3.6. Financial Statements; Books and Records.
(a) Seller has delivered to Buyer: (a) an audited balance sheet of IES Inc. as at December 31, 2001 (including the notes thereto, the "Balance Sheet"), and the related audited statements of income, changes in shareholders' equity and cash flows for the fiscal year then ended, including in each case the notes thereto, together with the report thereon of Xxxxxxxxx, Xxxxxxx & Price LLP, independent certified public accountants; (b) audited balance sheets of IES Inc. as at December 31 in each of the fiscal years 2000 and 2001, and the related audited statements of operations, changes in shareholders' equity and cash flows for each of the fiscal years then ended, including in each case the notes thereto; and (c) an unaudited balance sheet of IES Inc. as at June 30, 2002, (the "Interim Balance Sheet") and the related unaudited statements of income for the six (6) months then ended, including in each case the notes thereto certified by a director of Seller as accurate to the best of such director's knowledge and belief. Such financial statements, which are attached hereto as Exhibit 3.6(a), fairly present the financial condition and the results of operations, changes in shareholders' equity and cash flows (as to audited statements) of IES Inc. as at the respective dates of and for the periods referred to in such financial statements, all in accordance with GAAP. The financial statements delivered pursuant to in this Section 3.6 reflect the consistent application of such accounting principles throughout the periods involved, except as disclosed in the notes to such financial statements. The financial statements have been and will be prepared from and are in accordance with the accounting records of IES Inc. IES Inc. has also delivered to Buyer copies of all letters from IES Inc.'s auditors to IES Inc.'s board of directors or the audit committee thereof during the thirty-six (36) months preceding the execution of this Agreement, together with copies of all responses thereto.
(b) All items included in the inventories consist of a quality and quantity usable and, with respect to finished goods, saleable, in the ordinary course of business of Seller except for obsolete items and items of below-standard quality, all of which have been written off or written down to net realizable value in the Balance Sheet or the Interim Balance Sheet or on the accounting records of Seller as of the Closing Date, as the case may be. Seller is not in possession of any inventory not owned by Seller, including goods already sold. All of the inventories have been valued at the lower of cost or market value on a specific identification basis. Inventories now on hand that were purchased after the date of the Balance Sheet or the Interim Balance Sheet were purchased in the ordinary course of business of Seller at a cost not exceeding market prices prevailing at the time of purchase. The quantities of each item of inventories (whether raw materials, work-in-process or finished goods) are not excessive but are reasonable in the present circumstances of Seller. Work-in-process inventories are now valued, and will be valued on the Closing Date, according to GAAP.
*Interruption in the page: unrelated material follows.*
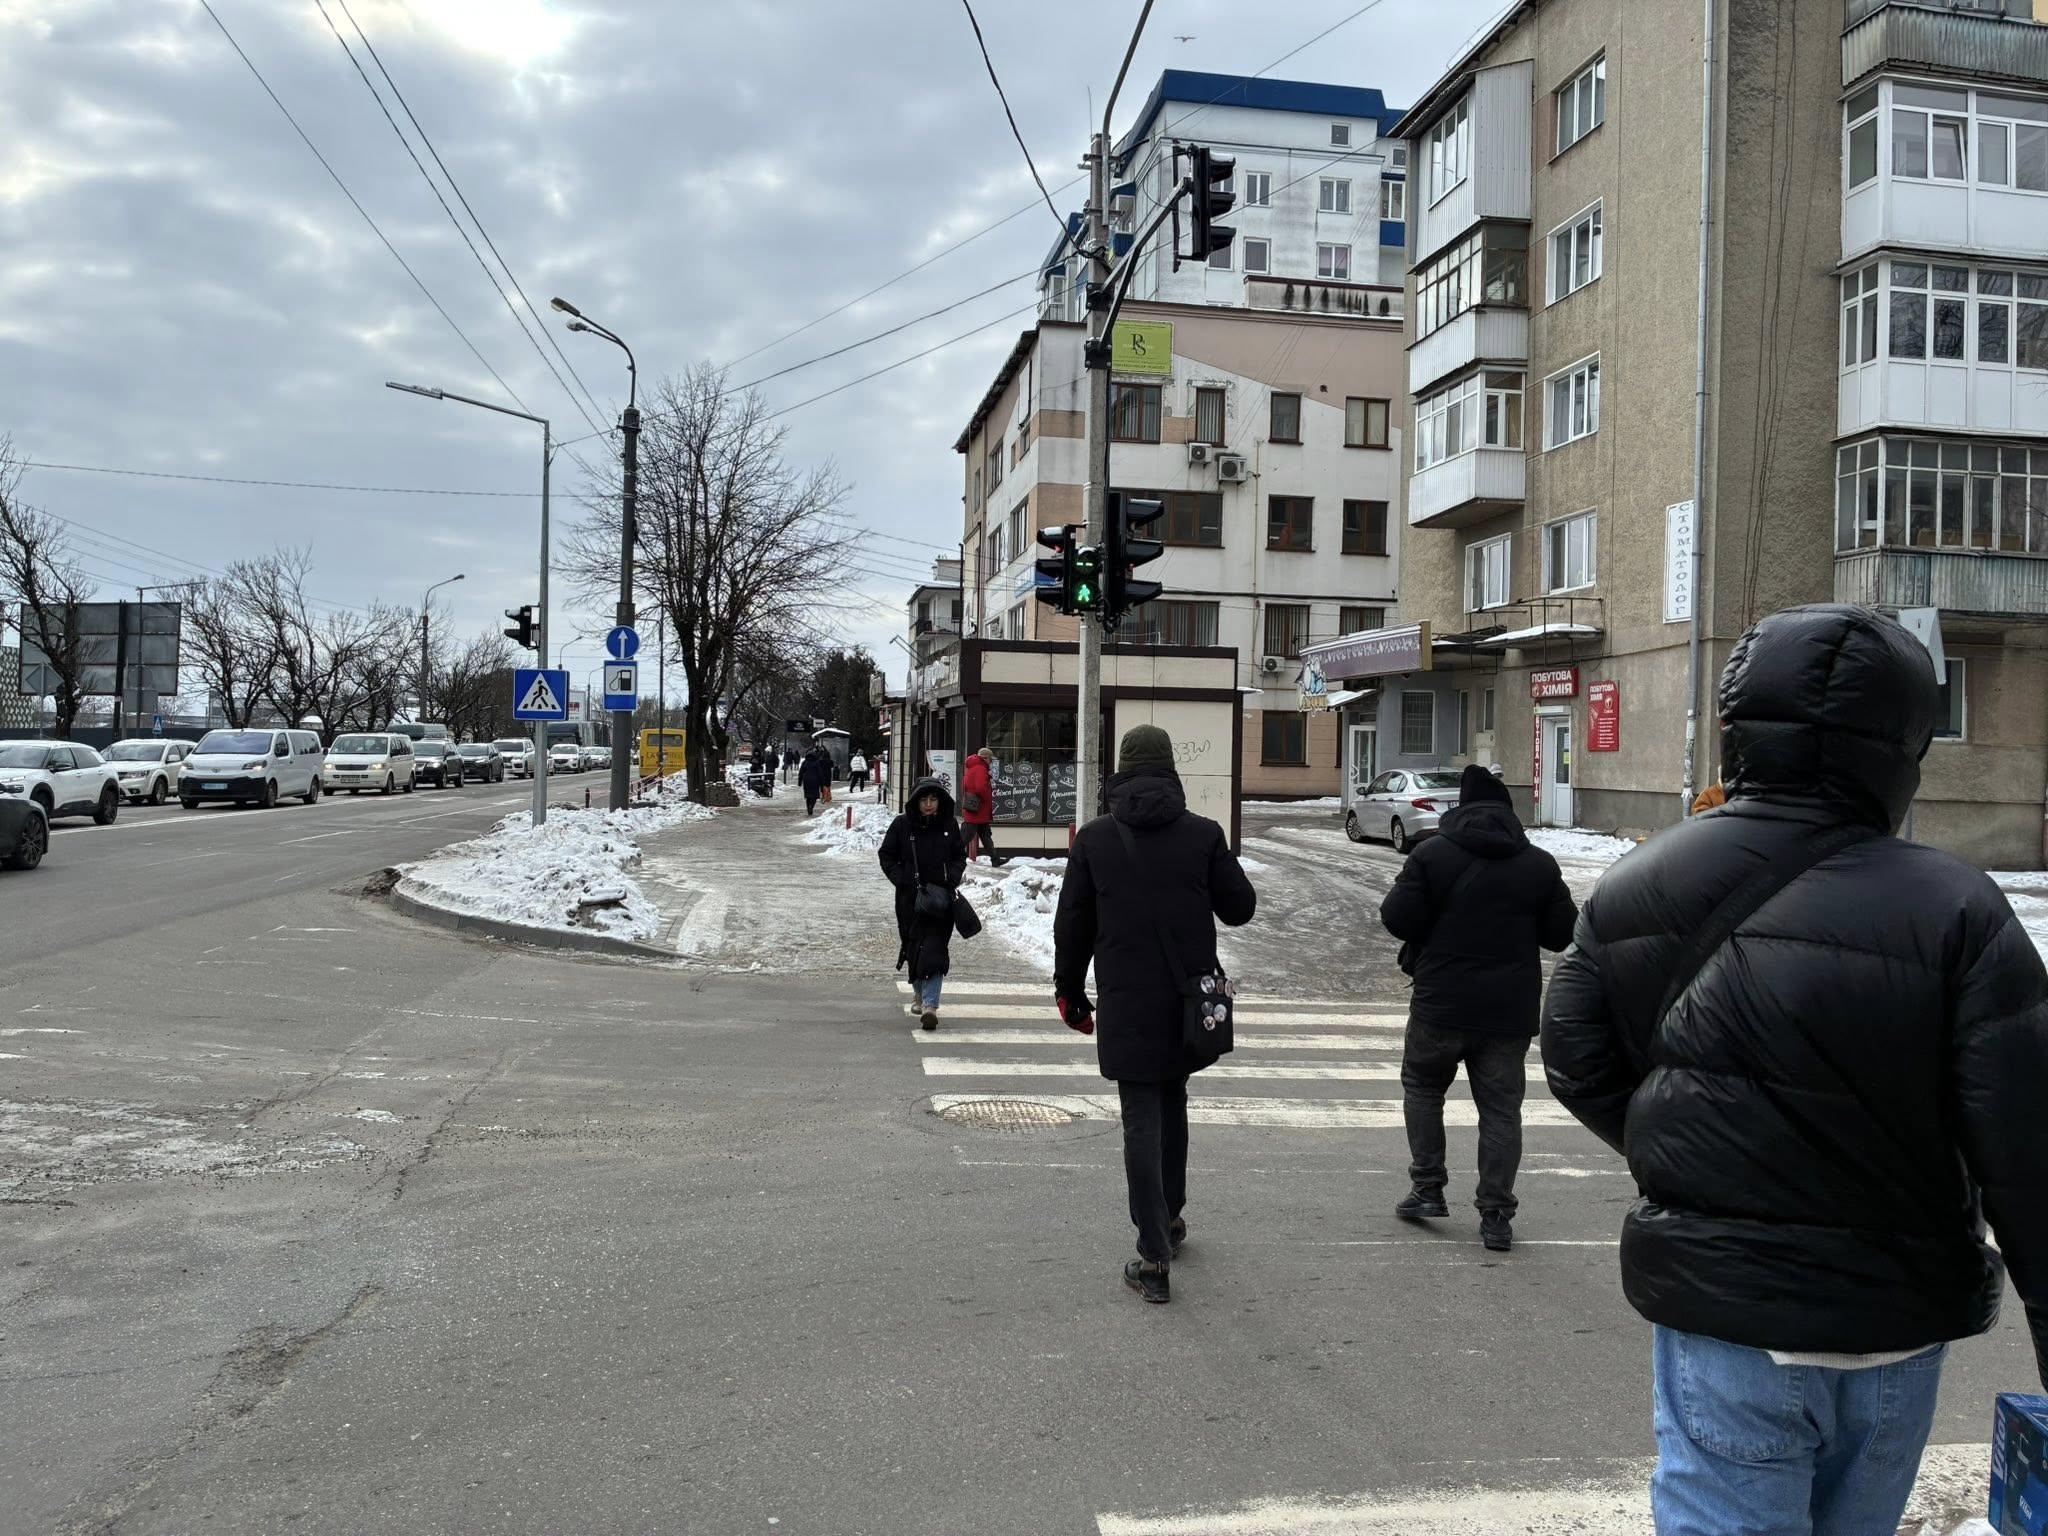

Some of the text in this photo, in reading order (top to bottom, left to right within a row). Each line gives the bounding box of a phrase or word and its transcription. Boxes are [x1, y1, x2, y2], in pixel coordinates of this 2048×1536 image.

(c) IES Inc. has no liability except for liabilities reflected or reserved against in the Balance Sheet or the Interim Balance Sheet and current liabilities incurred in the ordinary course of business of Seller since the date of the Interim Balance Sheet.
(d) As of June 30, 2002, the total stockholders' equity (common stock plus additional paid-in capital plus retained earnings) of the Seller shall be not less than $928,000.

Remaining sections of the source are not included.